**SOURCE DATA:**
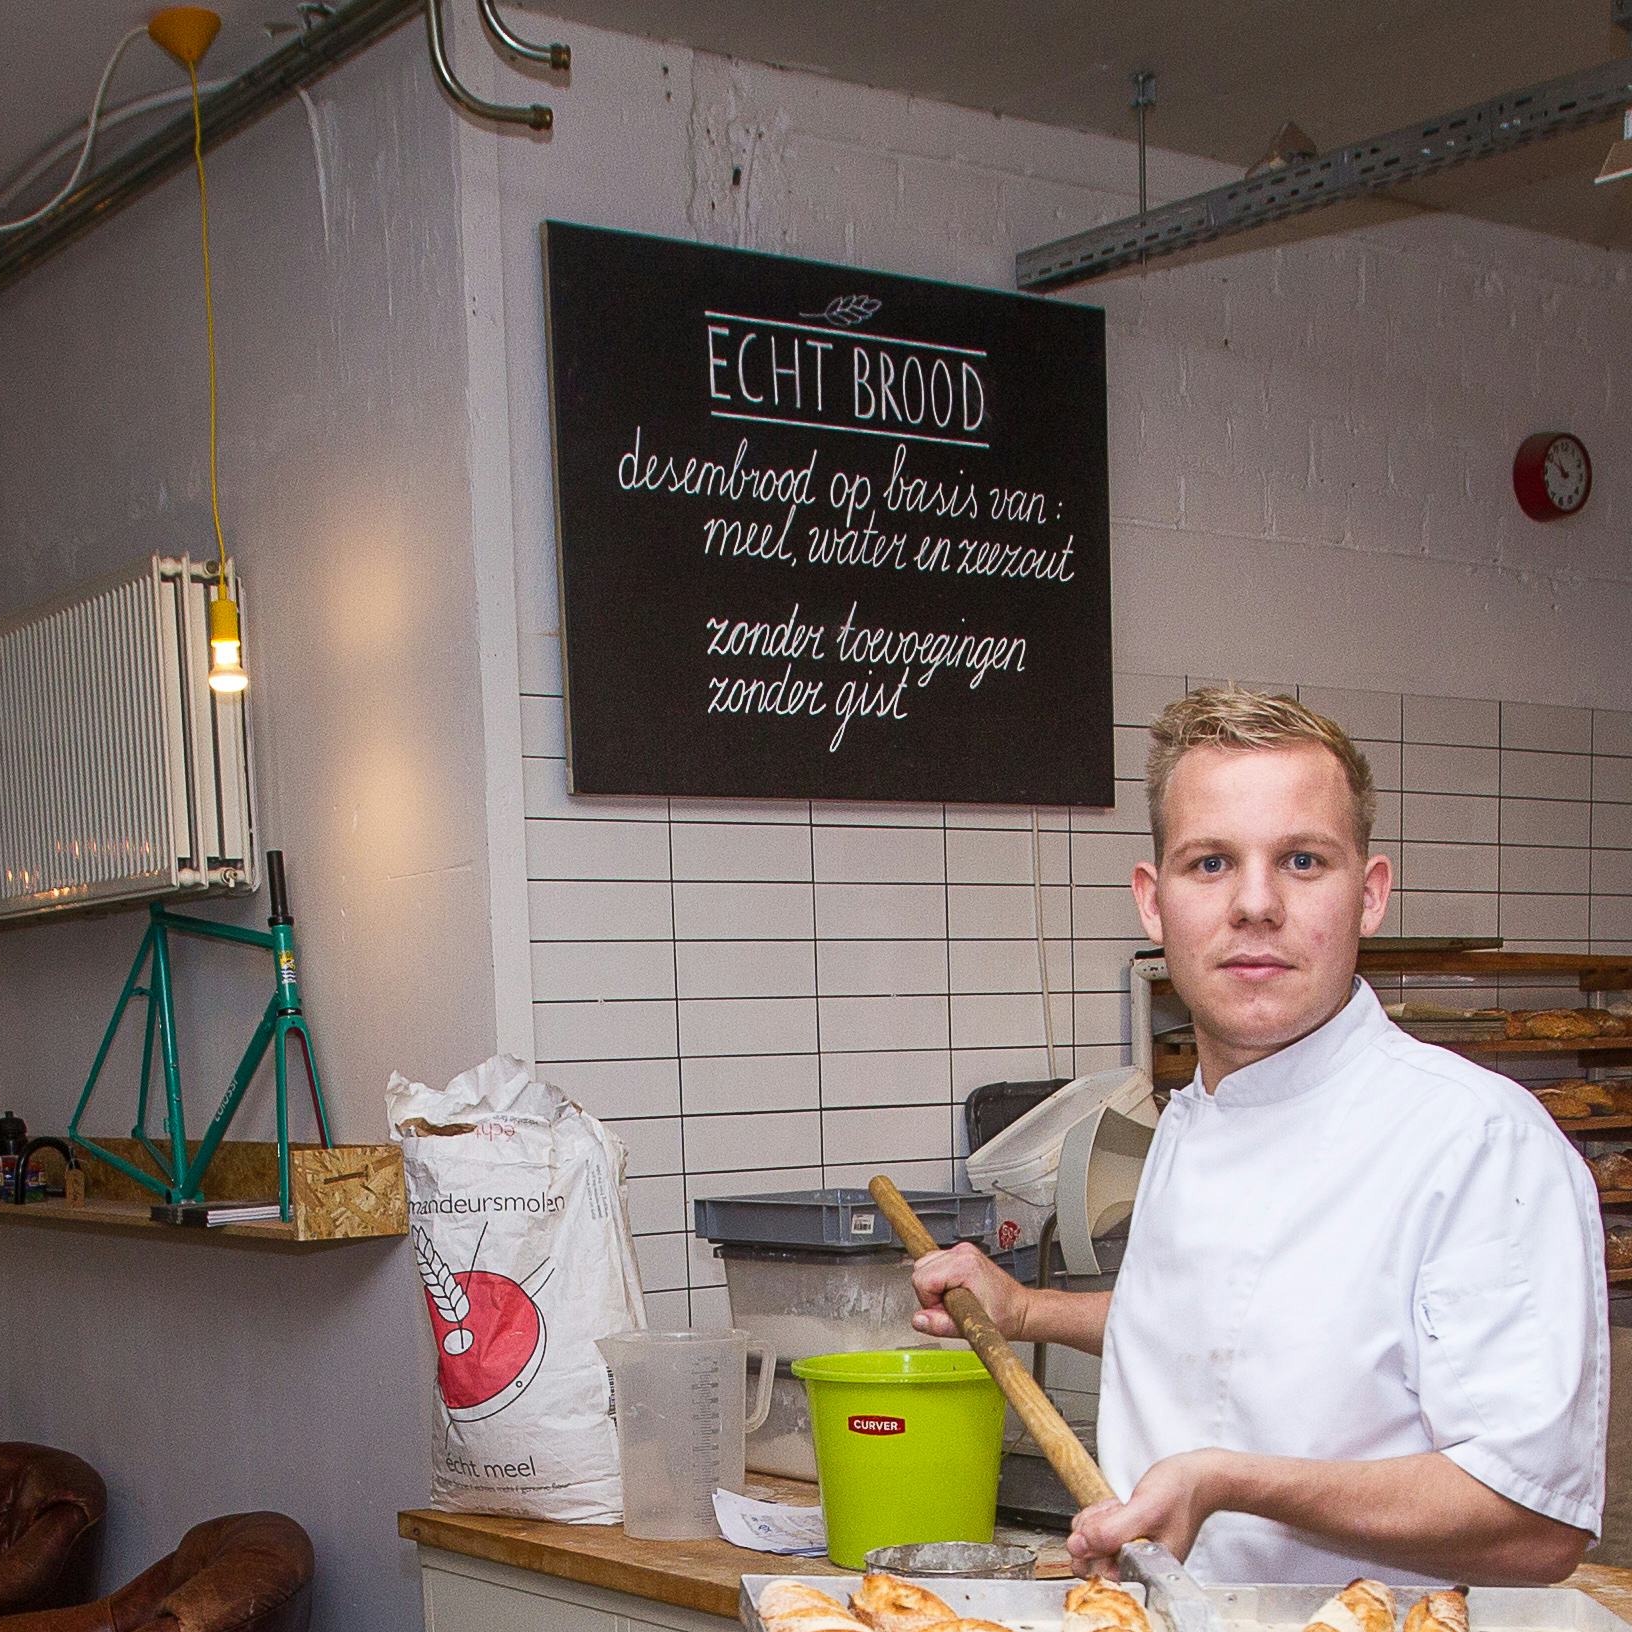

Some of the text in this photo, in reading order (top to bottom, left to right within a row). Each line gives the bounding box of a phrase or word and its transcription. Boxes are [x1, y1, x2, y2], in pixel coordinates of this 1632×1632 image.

[707, 324, 986, 432] ECHT BROOD
[617, 425, 816, 504] desembrood
[829, 470, 871, 528] op
[883, 443, 979, 519] basis
[703, 503, 1075, 583] meel, water en zeezout
[706, 600, 1026, 689] zonder toevoegingen
[708, 662, 908, 753] zonder gist
[408, 1191, 566, 1215] mandeursmolen
[445, 1452, 537, 1478] écht meel
[853, 1419, 899, 1431] CURVER

**EXERCISE OBJECTIVE:**
Copy every line of the data exactly as written, excluding the pictures.

**WRITTEN SOLUTION:**
Some of the text in this photo, in reading order (top to bottom, left to right within a row). Each line gives the bounding box of a phrase or word and its transcription. Boxes are [x1, y1, x2, y2], in pixel coordinates of this 1632×1632 image.

[707, 324, 986, 432] ECHT BROOD
[617, 425, 816, 504] desembrood
[829, 470, 871, 528] op
[883, 443, 979, 519] basis
[703, 503, 1075, 583] meel, water en zeezout
[706, 600, 1026, 689] zonder toevoegingen
[708, 662, 908, 753] zonder gist
[408, 1191, 566, 1215] mandeursmolen
[445, 1452, 537, 1478] écht meel
[853, 1419, 899, 1431] CURVER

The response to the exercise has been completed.